_TASK DIRECTIONS_
Extract exactly and only the lines of the data below, starting at the line with "this 1920×1280 image." and stopping after the final line.

[[ DATA FOR THE TASK, beginning ]]

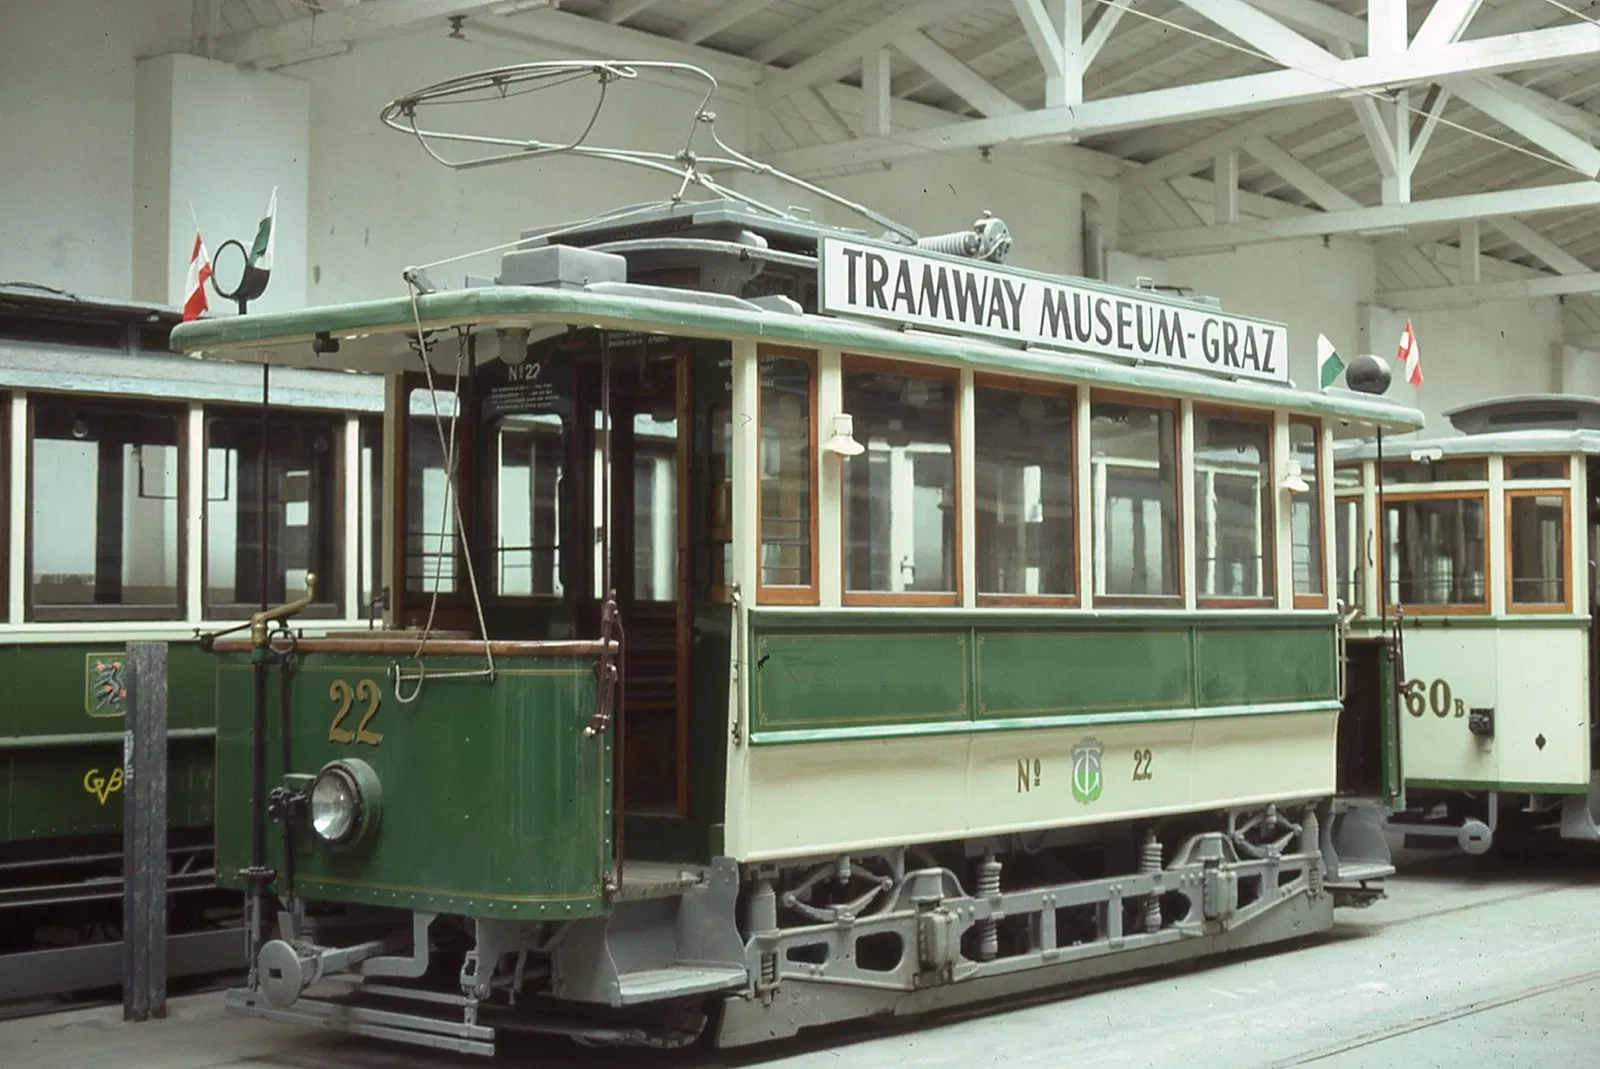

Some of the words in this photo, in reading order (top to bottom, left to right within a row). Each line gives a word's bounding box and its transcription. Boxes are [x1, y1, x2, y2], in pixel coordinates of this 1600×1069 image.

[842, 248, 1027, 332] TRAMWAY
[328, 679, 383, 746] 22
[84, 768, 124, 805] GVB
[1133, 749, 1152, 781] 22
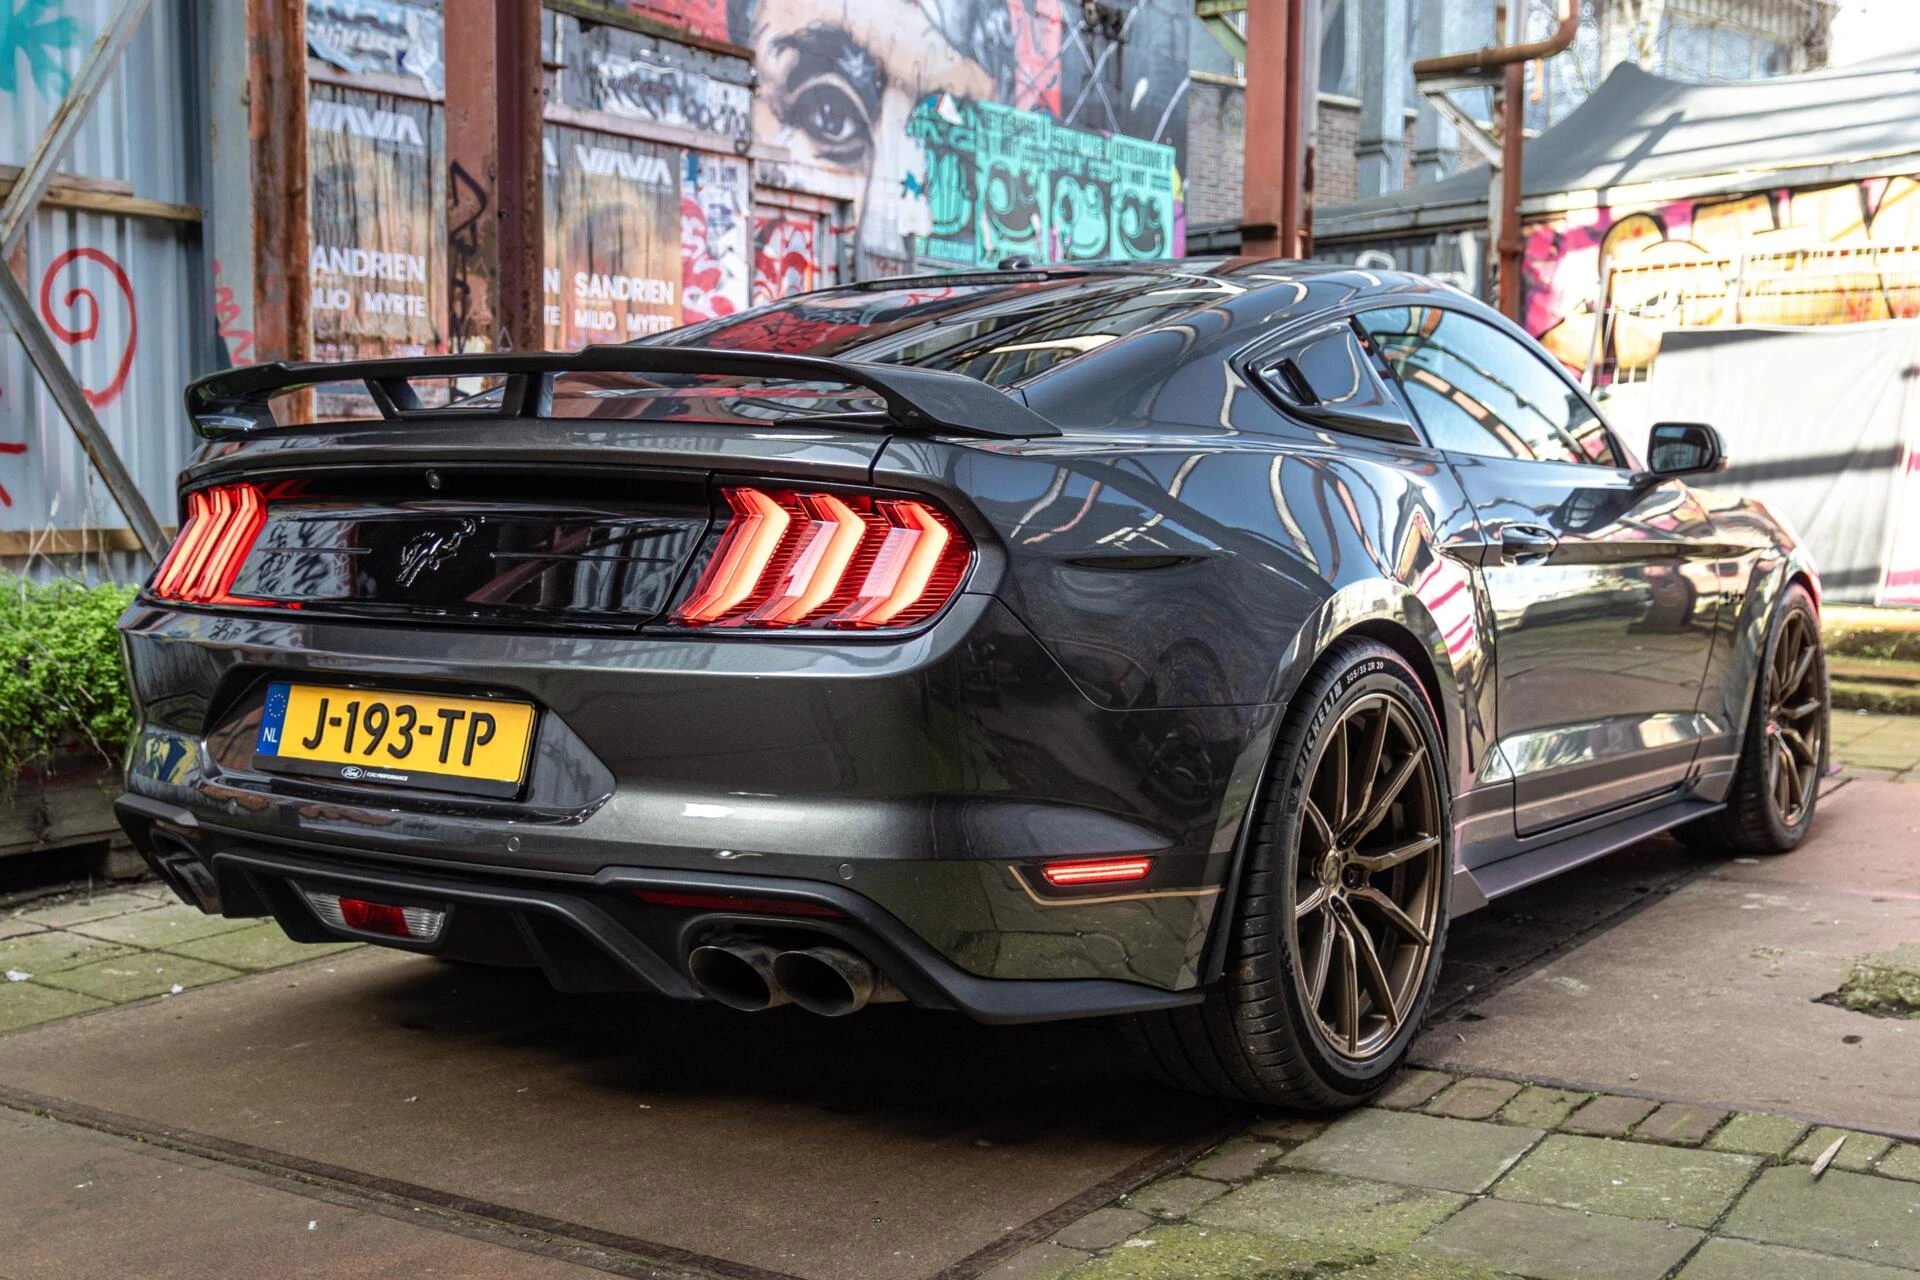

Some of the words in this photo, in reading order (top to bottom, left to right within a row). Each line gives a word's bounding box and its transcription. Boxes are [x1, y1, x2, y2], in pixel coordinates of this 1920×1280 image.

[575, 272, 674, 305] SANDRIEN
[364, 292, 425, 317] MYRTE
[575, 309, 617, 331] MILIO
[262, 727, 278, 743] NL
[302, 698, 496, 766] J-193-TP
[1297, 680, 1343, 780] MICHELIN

[[ DATA FOR THE TASK, end ]]

_TASK ANSWER_
Some of the words in this photo, in reading order (top to bottom, left to right within a row). Each line gives a word's bounding box and its transcription. Boxes are [x1, y1, x2, y2], in pixel coordinates of this 1920×1280 image.

[575, 272, 674, 305] SANDRIEN
[364, 292, 425, 317] MYRTE
[575, 309, 617, 331] MILIO
[262, 727, 278, 743] NL
[302, 698, 496, 766] J-193-TP
[1297, 680, 1343, 780] MICHELIN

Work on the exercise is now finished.